Lightly regulated "shadow banking" has grown to huge proportions in the global financial system and increasingly poses a risk to stability, especially in the United States, the IMF said Wednesday.
More than $70 trillion in assets are handled by shadow banks around the world, Gaston Gelos, chief of the Global Financial Analysis Division at the IMF, told journalists in a briefing.
"It's quite large," he said. "It's very important to understand what's going on there to be able to assess risks."
The sector includes lightly policed institutions like mutual funds, money market funds, wealth management funds in China, and finance companies in emerging economies, that take money from investors and lend it like banks.
They have grown larger in the extremely low interest-rate environment of the past six years, as investors seek higher yields on their money and banks tighten up under tougher post-crisis regulation.
But the International Monetary Fund says in a new report that the risks are high because shadow banking largely depends on short-term funding. In a scare, it says, the impact of panic withdrawals can snowball into the broader financial system and global economy with outsized impact.

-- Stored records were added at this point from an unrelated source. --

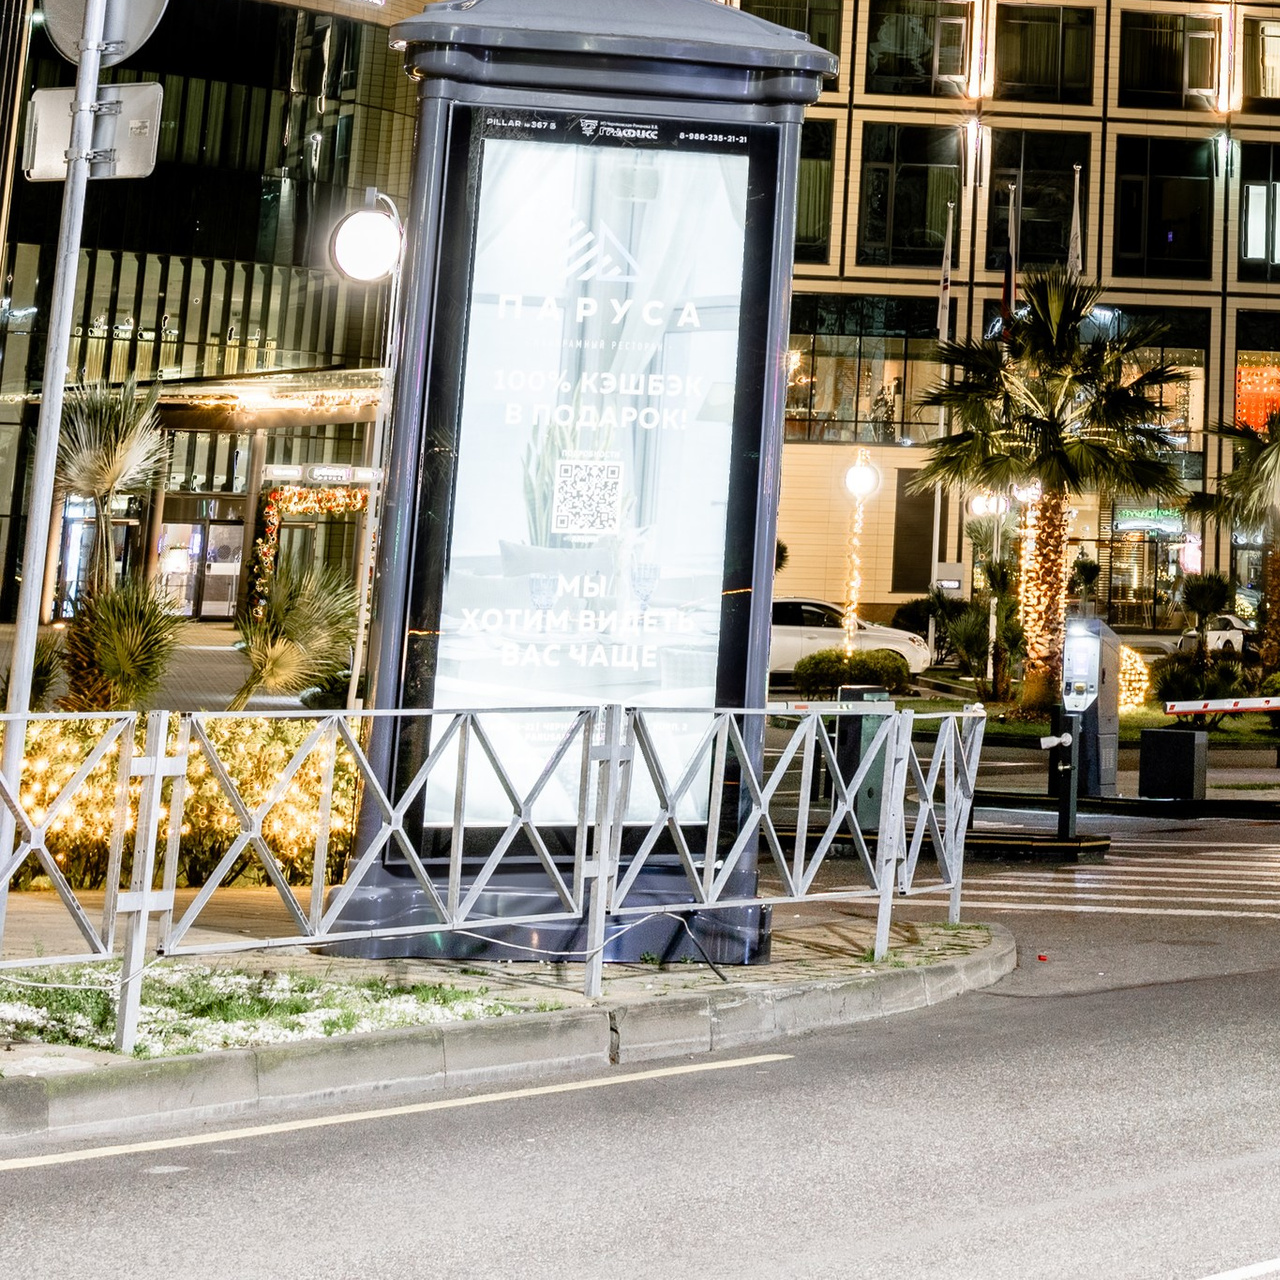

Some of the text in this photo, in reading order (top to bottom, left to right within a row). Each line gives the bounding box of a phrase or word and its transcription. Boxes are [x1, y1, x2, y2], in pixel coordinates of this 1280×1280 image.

[486, 118, 522, 128] PILLAR
[498, 293, 701, 328] ПАРУСА
[532, 338, 606, 351] РАМНЫЙ
[493, 368, 703, 397] 100% КЭШБЭК
[505, 403, 687, 431] В ПОДАРОК!
[556, 574, 607, 598] МЫ
[460, 608, 695, 636] ХОТИМ ВИДЕТЬ
[500, 642, 657, 671] ВАС ЧАЩЕ

That was seen in the financial crisis in 2008, when US money market funds which were important lenders in Europe faced large redemptions, and with the near-collapse of companies like insurer AIG.
Since the crisis the power of shadow banks has only grown, the IMF report notes.

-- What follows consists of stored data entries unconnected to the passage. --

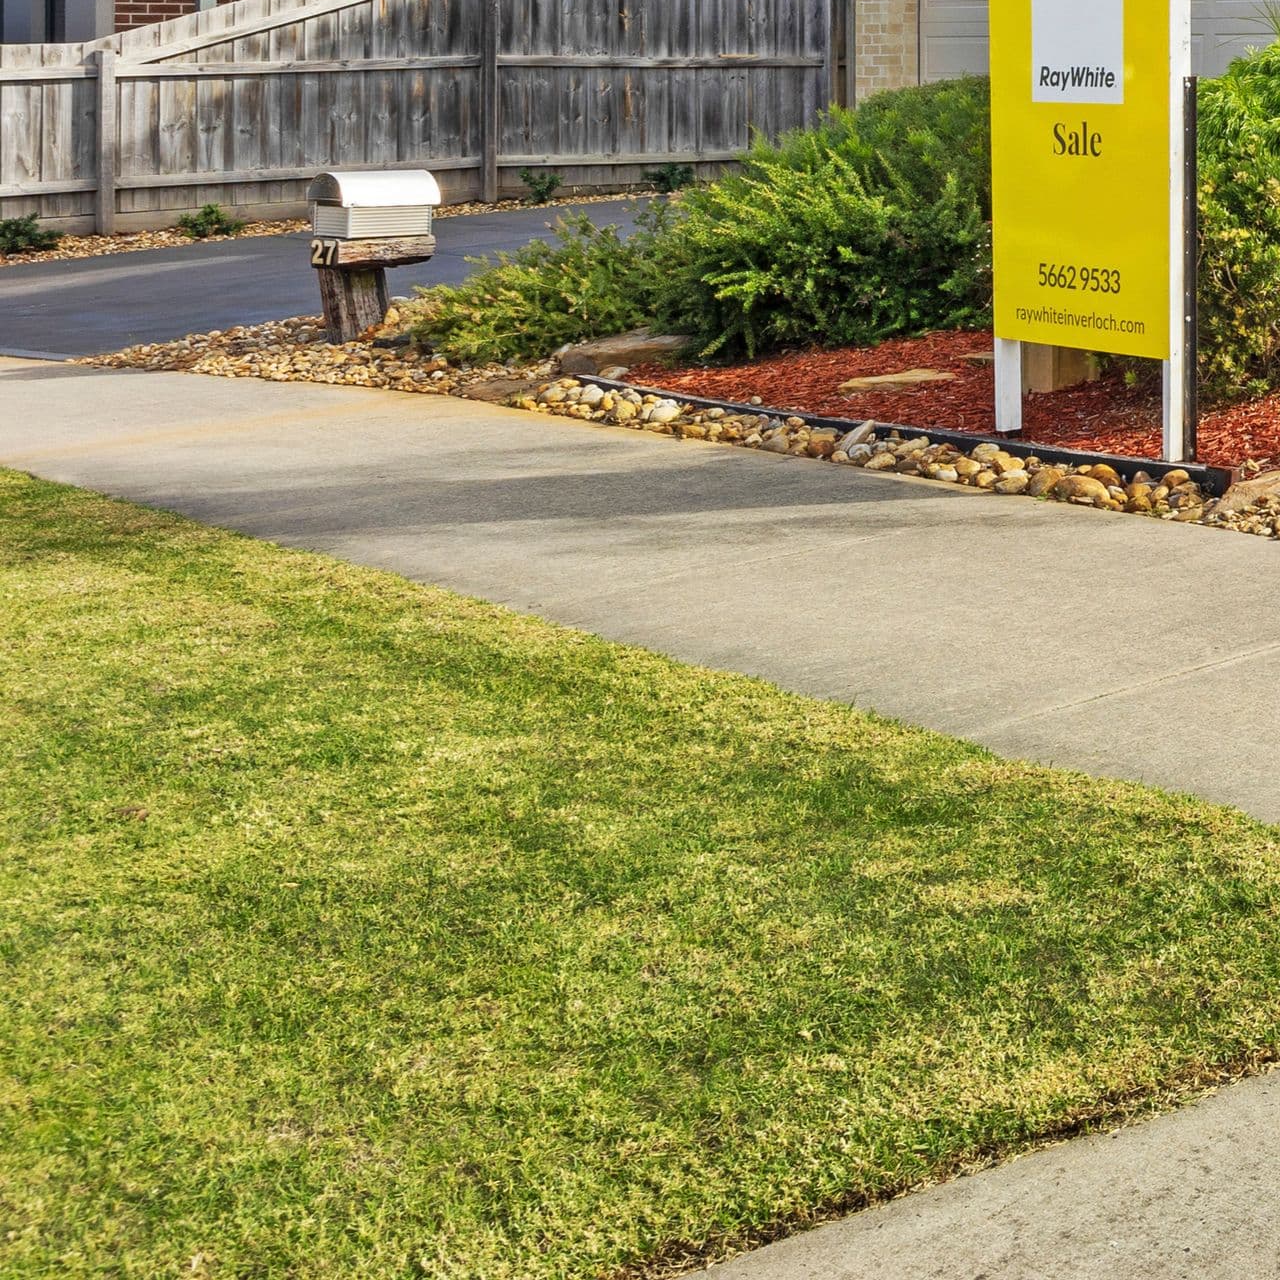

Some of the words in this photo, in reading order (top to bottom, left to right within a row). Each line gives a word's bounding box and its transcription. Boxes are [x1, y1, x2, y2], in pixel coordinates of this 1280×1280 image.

[1053, 121, 1102, 157] Sale
[311, 239, 336, 265] 27
[1039, 263, 1077, 290] 5662
[1080, 267, 1120, 294] 9533
[1016, 306, 1145, 334] raywhiteinverloch.com

In the United States, shadow banks have nearly twice as much assets than banks, and in the eurozone their assets have reached 60 percent of the banks.
In developing countries the figure is close to 60 percent. The sector has rocketed in China, where banks face interest rate controls, pushing savers to seek better returns on their money outside the banks. The IMF estimates shadow banking amounts to 35-50 percent of China's gross domestic product, and said the sector "warrants close monitoring."
"Shadow banking tends to take off when strict banking regulations are in place, which leads to circumvention of regulations," said Gelos.
"It also grows when real interest rates and yield spreads are low and investors are searching for higher returns."
The report said shadow banking serves a good purpose, broadening access to credit, especially in emerging-market economies.
But it said authorities need to have more information on the sector to gauge the level of systemic risk, and to regulate where possible.
Financial system regulators "should be on the lookout for activities or entities that can pose a risk to the system... How to tackle them will really depend on the nature of the activity," Gelos said.
"This needs to be continually reassessed because this is a very dynamic sector."